Methylene blue is the antidote for the treatment of methemoglobinemia. It is indicated in victims who are symptomatic and usually with methemoglobin levels greater than 20% to 30%. One contraindication to its use is G6PD deficiency. With multiple dosing, methylene blue may itself generate methemoglobinemia or cause hemolysis. Other therapeutic options for the treatment of methemoglobinemia are exchange transfusion or hyperbaric oxygen (HBO) therapy.

Treatment of CO toxicity is primarily supportive with 100% supplemental oxygen. HBO therapy has been studied clinically for years, but its role in treating CO toxicity remains controversial.12,13 If considering HBO, generally accepted indications would include the following: loss of consciousness at the scene, comatose state, seizure, myocardial ischemia, and levels greater than 30% in adults and greater 15% in infants, children, or pregnant women.

References

1 Karter M. National Fire Protection Association. Fire loss in the United States in 2007. Available at www.nfpa.org

2 Bowes PC. Casualties attributed to toxic gas and smoke at fires: a survey of statistics. Med Sci Law. 1976;16:104–110.

3 Young CJ, Moss J. Smoke inhalation: diagnosis and treatment. J Clin Anesth. 1989;1:377–386.

4 Heimbach DM, Waeckerle JF. Inhalation Injuries. Ann Emerg Med. 1988;17:1316–1320.

5 Orzel RA. Toxicological aspects of fire smoke: polymer pyrolysis and combustion. Occup Med. 1993;8:414–429.

6 Zhu BL, Ishikawa T, Michiue T. Influence of inhaling carbon monoxide–containing gas in fire fatalities—an investigation of forensic autopsy cases. Chudoku Kenkyu. 2007;20:37–44.

7 Caravati EM, Litovitz TL. Pediatric cyanide intoxication and death from acetonitrile-containing cosmetic. JAMA. 1988;260:3470–3473.

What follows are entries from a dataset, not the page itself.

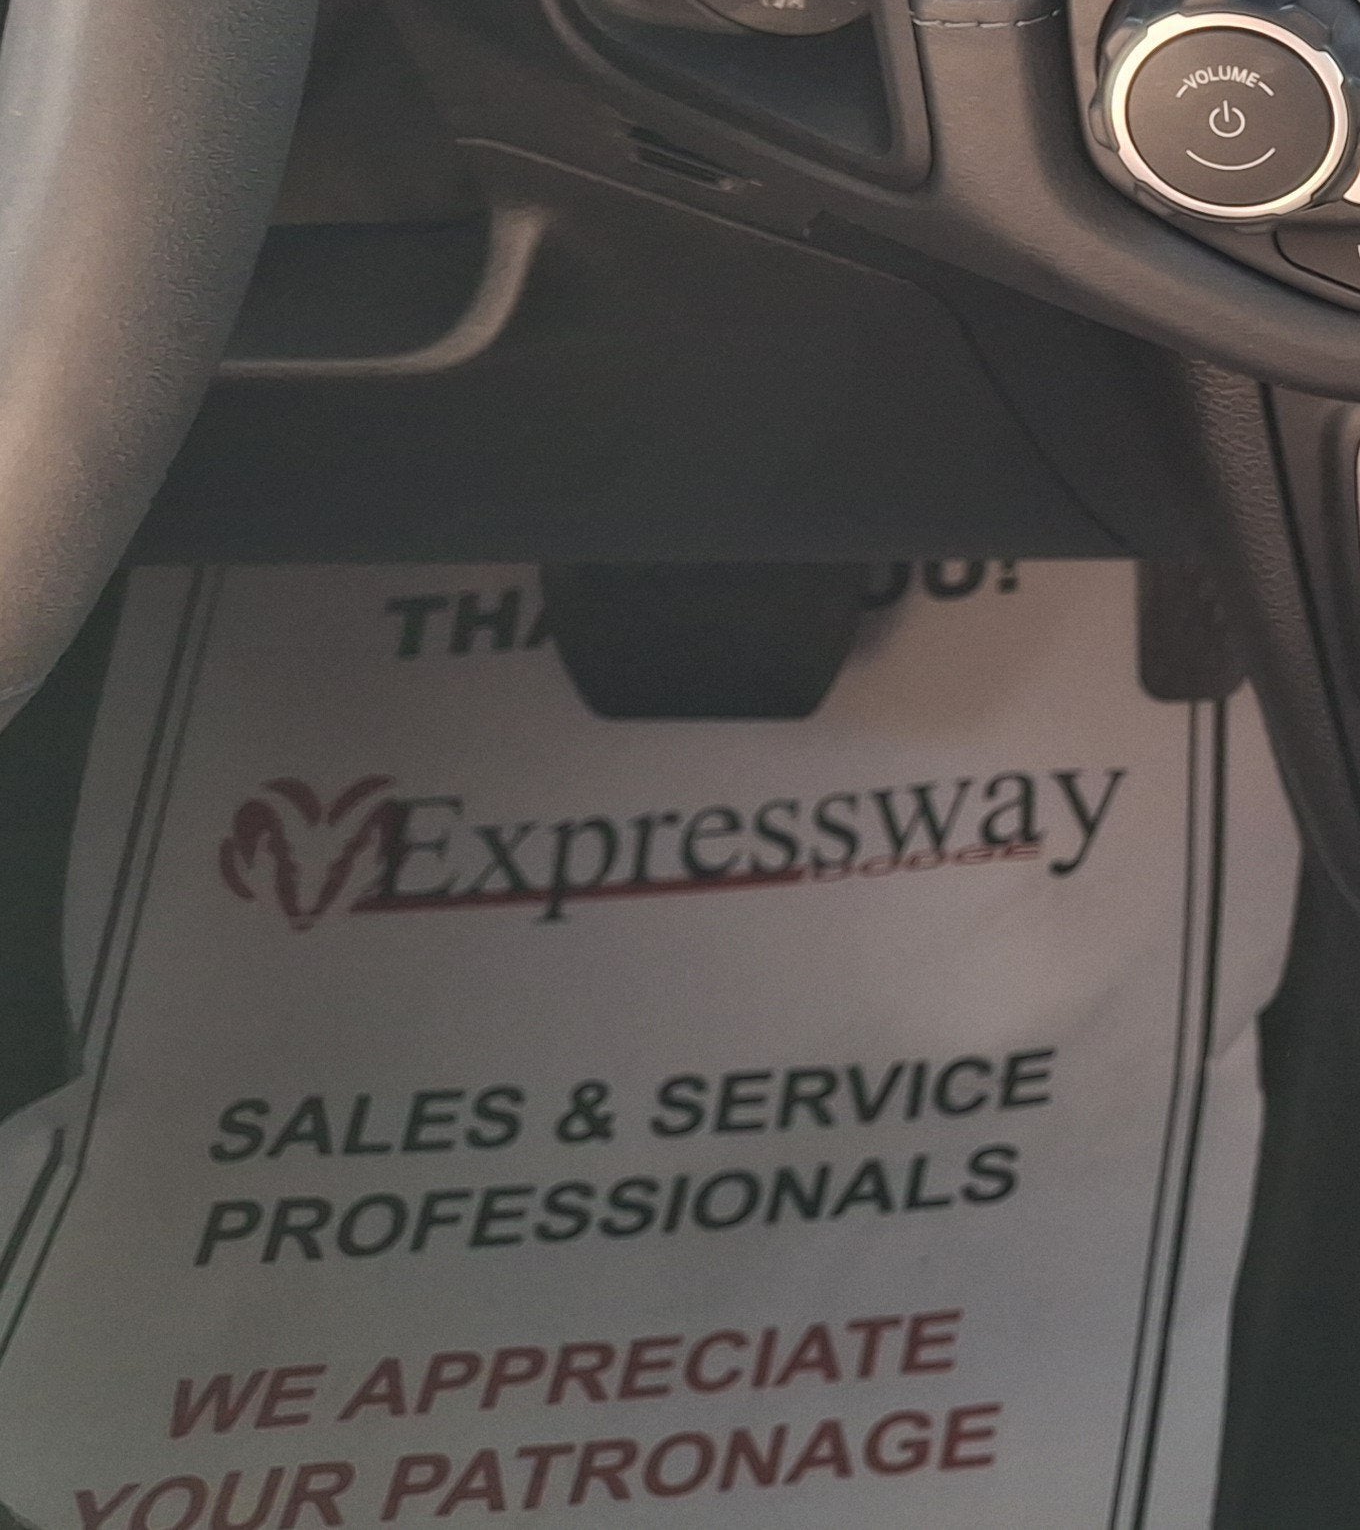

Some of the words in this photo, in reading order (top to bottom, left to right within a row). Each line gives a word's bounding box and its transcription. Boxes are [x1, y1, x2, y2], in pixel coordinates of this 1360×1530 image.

[1183, 67, 1260, 90] VOLUME
[372, 766, 1127, 925] Expressway
[210, 1084, 523, 1163] SALES
[556, 1080, 618, 1141] &
[650, 1049, 1056, 1140] SERVICE
[193, 1146, 1019, 1267] PROFESSIONALS
[168, 1364, 325, 1439] WE
[339, 1309, 963, 1422] APPRECIATE
[73, 1461, 355, 1530] YOUR
[383, 1404, 1001, 1520] PATRONAGE

8 Morii D, Miyagatani Y, Nakamae N, et al. Japanese experience of hydrogen sulfide: the suicide craze in 2008. J Occup Med Toxicol. 2010;5:28.

9 Hoffman RS, Sauter D. Methemoglobinemia resulting from smoke inhalation. Vet Hum Toxicol. 1989;31:168–170.

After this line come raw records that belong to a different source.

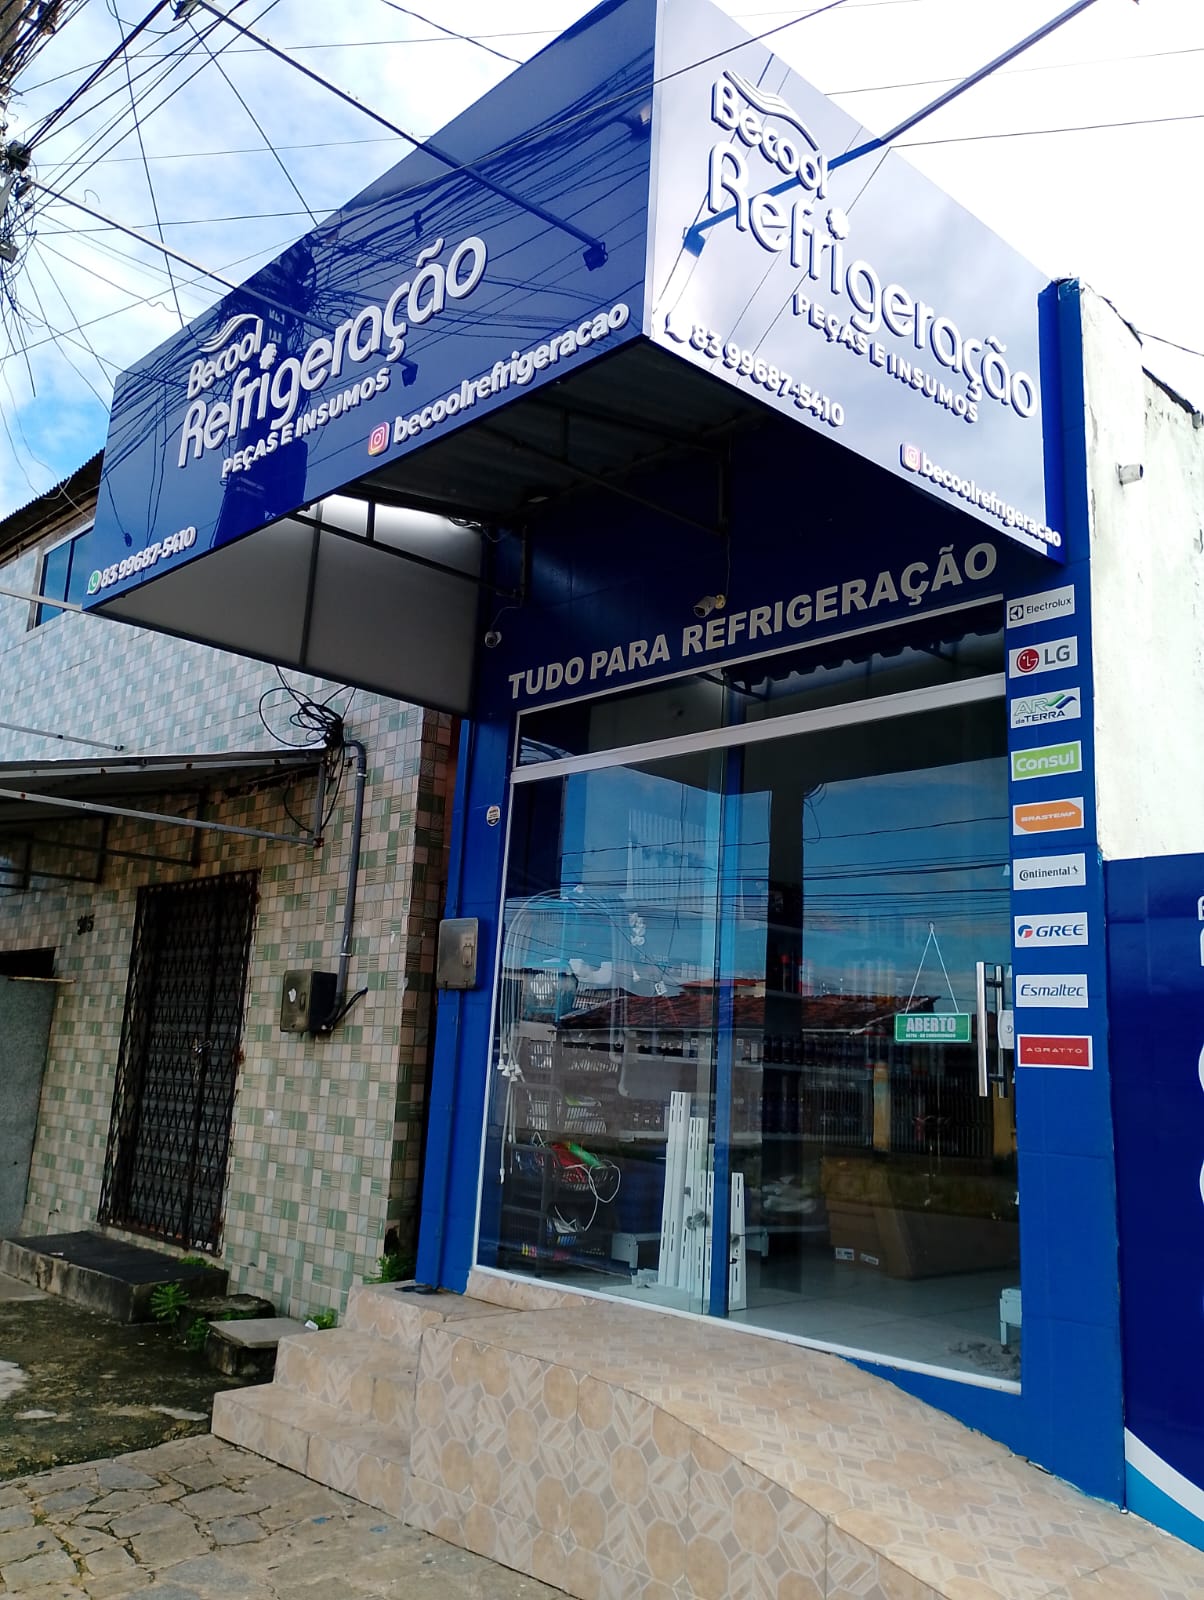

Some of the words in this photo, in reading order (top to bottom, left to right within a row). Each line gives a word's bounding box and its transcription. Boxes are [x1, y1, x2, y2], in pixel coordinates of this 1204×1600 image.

[711, 78, 828, 199] Becool
[708, 140, 1038, 418] Refrigeração
[178, 236, 487, 467] Refrigeração
[187, 319, 263, 399] Becool
[393, 303, 629, 443] becoolrefrigeracao
[689, 324, 722, 359] 83
[722, 342, 845, 428] 99687-5410
[793, 292, 868, 356] PEÇAS
[870, 341, 886, 368] E
[887, 352, 979, 424] INSUMOS
[221, 432, 278, 479] PEÇAS
[280, 422, 294, 446] E
[295, 367, 390, 438] INSUMOS
[918, 452, 1062, 548] becoolrefrigeracao
[101, 563, 119, 588] 83
[118, 526, 197, 580] 99687-5410
[508, 656, 585, 699] TUDO
[590, 633, 671, 680] PARA
[681, 542, 998, 657] REFRIGERAÇÃO
[1026, 597, 1072, 614] Electrolux
[1044, 645, 1070, 665] LG
[1014, 697, 1049, 717] AR
[1016, 750, 1074, 773] Consul
[1021, 810, 1076, 822] BRASTEMP
[1019, 866, 1070, 881] Continental
[1036, 923, 1084, 938] GREE
[906, 1017, 957, 1033] ABERTO
[1020, 984, 1084, 997] Esmaltec

10 Uhl W, Nolting A, Bolor G. Safety of hydroxocobalamin in healthy volunteers in a randomized, placebo controlled study. Clin Toxicol. 2006;44:17–28.

11 Truong DH, Mihajlovic A, Gunnes P, et al. Prevention of hydrogen sulfide–induced mouse lethality and cytotoxicity by hydroxocobalamin. Toxicology. 2007;242(1-3):16–22.

12 Weaver LK, Hopkins RO, Chan KJ. Hyperbaric oxygen for acute carbon monoxide poisoning. N Engl J Med. 2002;347:1057–1067.

13 Wolf SJ, Lavonas EJ, Sloan EP, et al. Clinical policy: critical issues in management of adult patients presenting to emergency department with acute carbon monoxide poisoning. Ann Emerg Med. 2008;51:138–152.